Blueberry Hill was different, though. The St. Louis club was terra firma for Berry, a hometown oasis just like Stone Pony became for Bruce Springsteen. It was a comfort zone where Berry had a good and trusted friend in Joe Edwards. It was Edwards who came up with the idea in 1996, the year Berry turned 70, of turning the basement of the bar and restaurant into the Duck Room, named after the rock 'n' roll pioneer's famed duck walk and decked out with Berry photos.

Berry would go on to play more than 200 shows in the Duck Room - including his last show ever on Oct. 15, 2014, two and half years before his death at the age of 90. By all accounts (including Daniel Durchholz's insightful liner notes) it was the best place to see Berry perform - most importantly with a regular band of local players, a quintet that included his son Charles Berry Jr. on guitar and his daughter Ingrid Berry on vocals and harmonica.

The 11 songs on Live From Blueberry Hill, recorded between July 2004 and January 2006, blaze by in a ferocious 30 minutes, proof that Berry Sr. could still muster age-defying fire in the right circumstances.
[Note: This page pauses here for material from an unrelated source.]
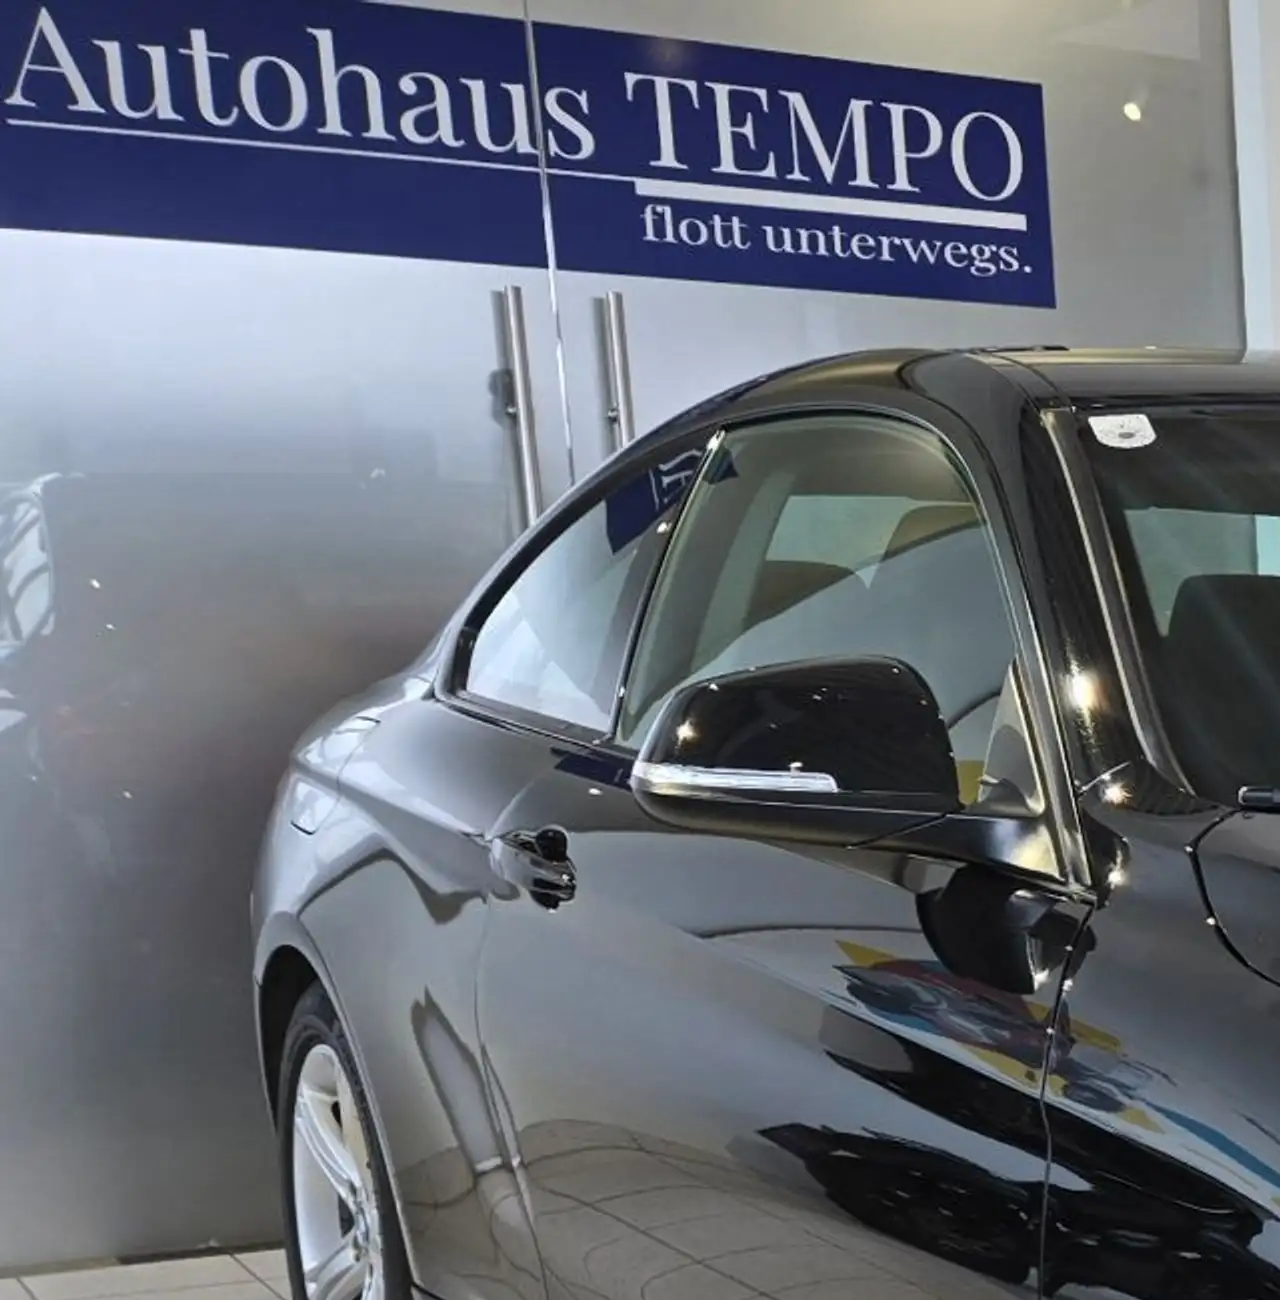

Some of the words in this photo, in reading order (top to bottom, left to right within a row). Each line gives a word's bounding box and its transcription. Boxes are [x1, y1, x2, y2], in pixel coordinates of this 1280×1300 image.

Know going into Live From Blueberry Hill that this is not a showcase for Berry's singing, which had little in the way of range or tonality by that point - something that actually works to his benefit during the loping oral memoir "Bio." But there's still plenty of sting in his guitar playing, and the set has the kind of immediacy and muscularity you expect from a bar band in the best sense of the term, with pianist Robert Lohr contributing as many hot solos as Berry himself.
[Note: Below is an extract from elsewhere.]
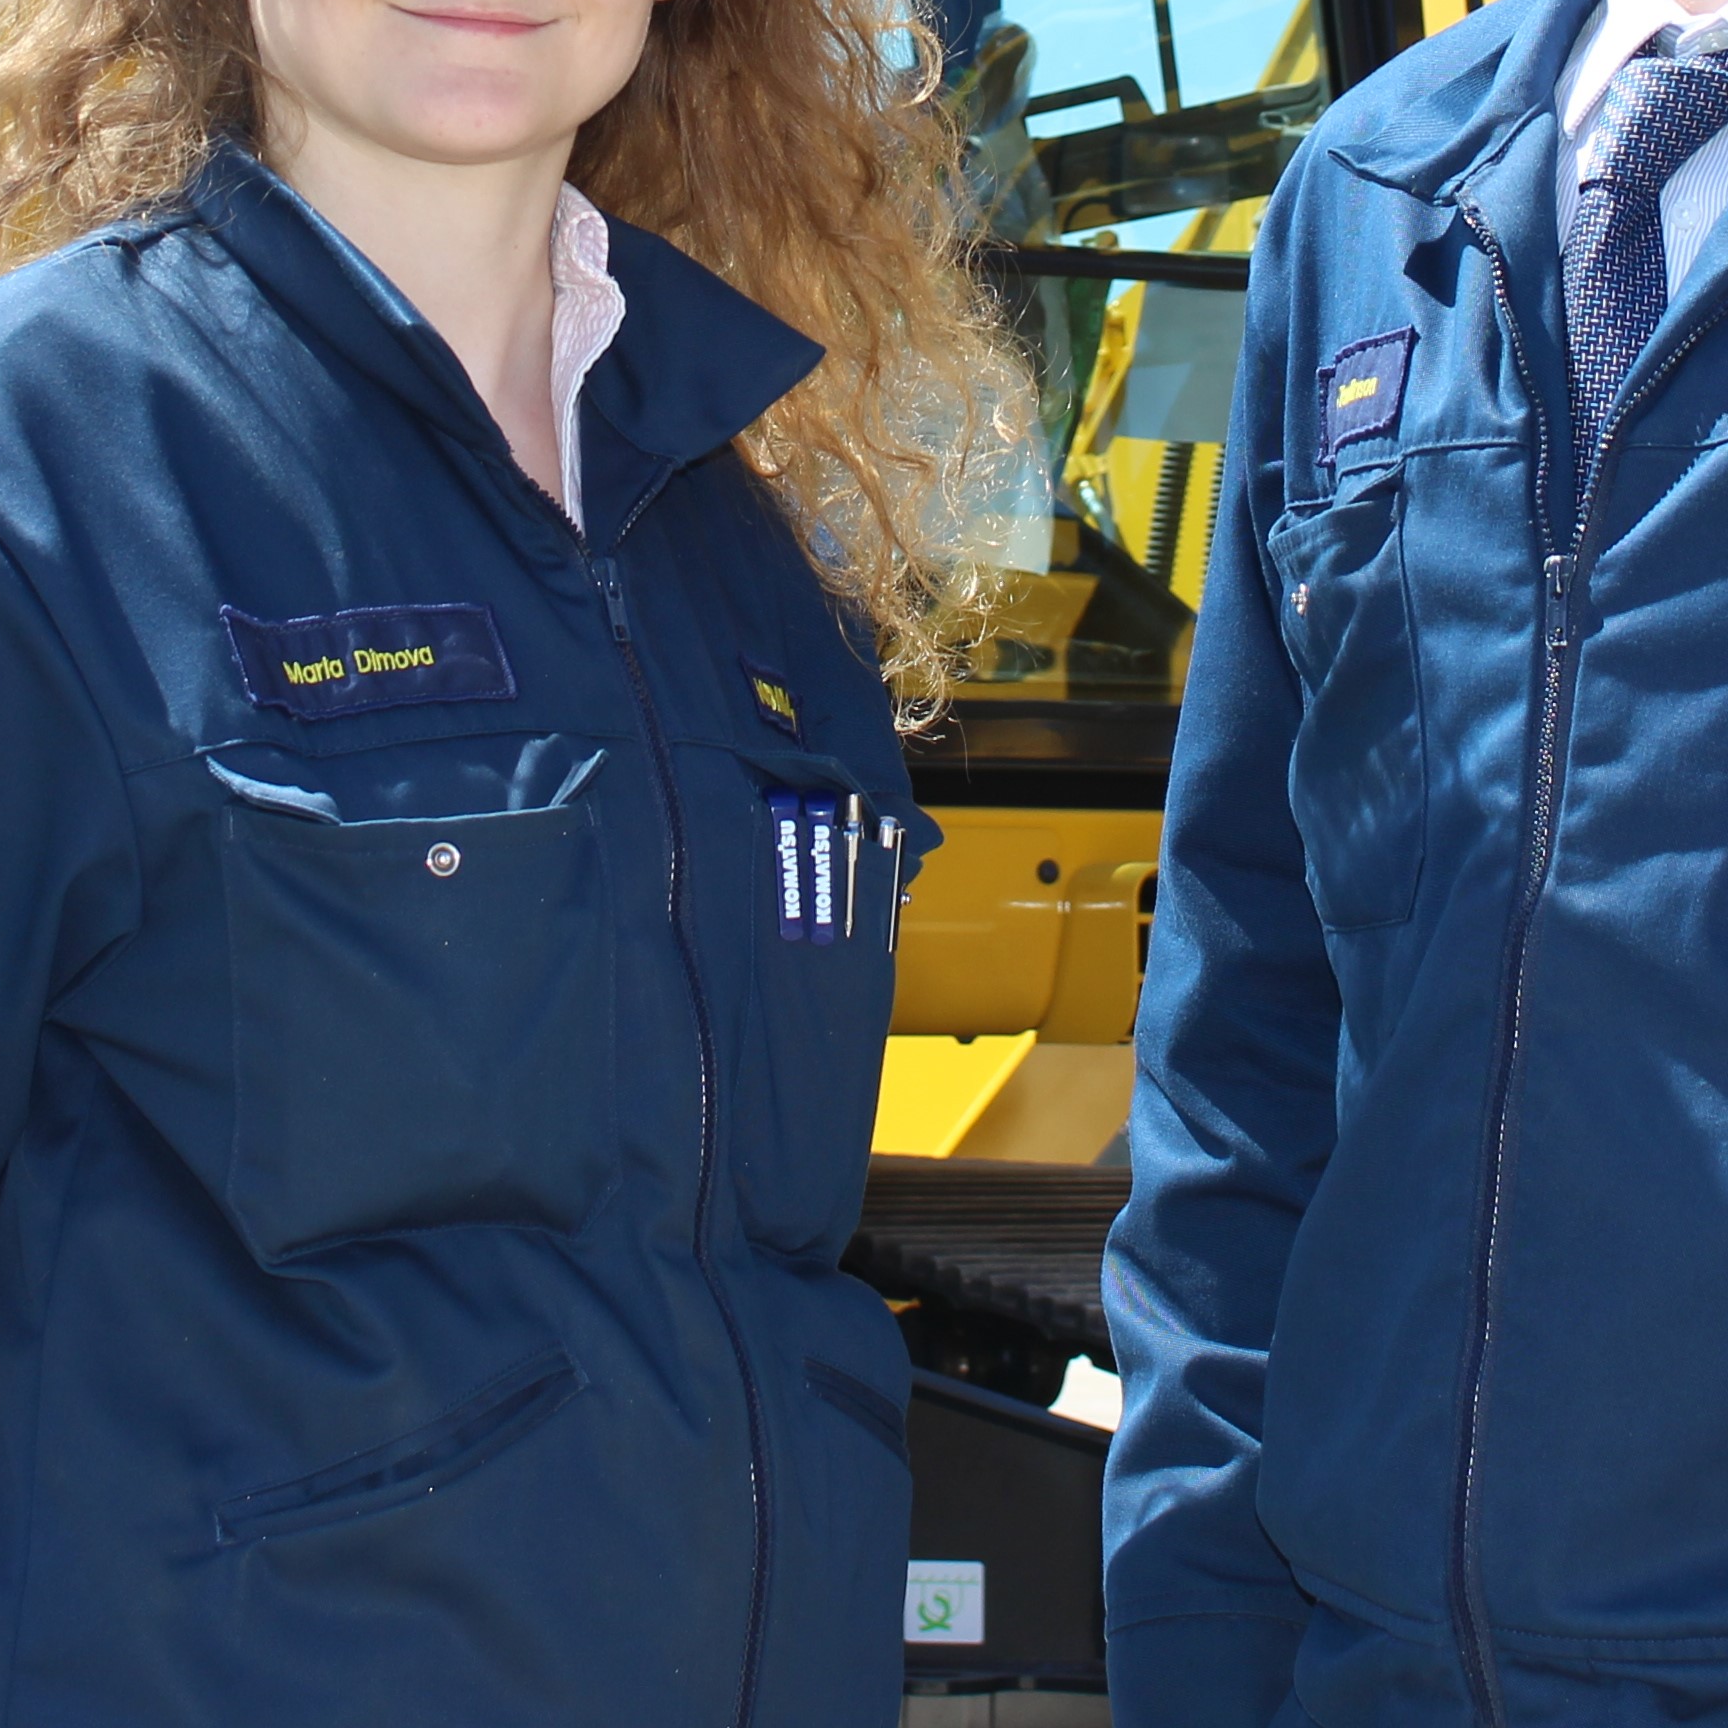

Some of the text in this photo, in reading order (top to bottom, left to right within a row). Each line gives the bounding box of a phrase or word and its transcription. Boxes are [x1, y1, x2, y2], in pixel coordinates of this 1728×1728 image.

[353, 645, 434, 673] Dimova
[777, 819, 801, 919] KOMATSU
[810, 824, 832, 924] KOMATSU
The group fuses "Carol" and "Little Queenie" into a playful medley, while "Let It Rock" and "Around and Around" are locomotives with that sound ready to jump the track at any time but never do. The slower blues of "Mean Old World" gives Ingrid Berry a welcome spotlight, while the classics - "Roll Over Beethoven," "Sweet Little Sixteen," "Johnny B. Goode" - are ragged but righteous celebrations. "It's my show. I gotta pull it outta the gutter," Berry tells the crowd at one point, but the truth is he doesn't have to pull too hard. Live From Blueberry Hill shows that even in his late 70s, and with his heyday well in the rearview mirror, Berry was still able to ring ring the bell when the spirit moved him.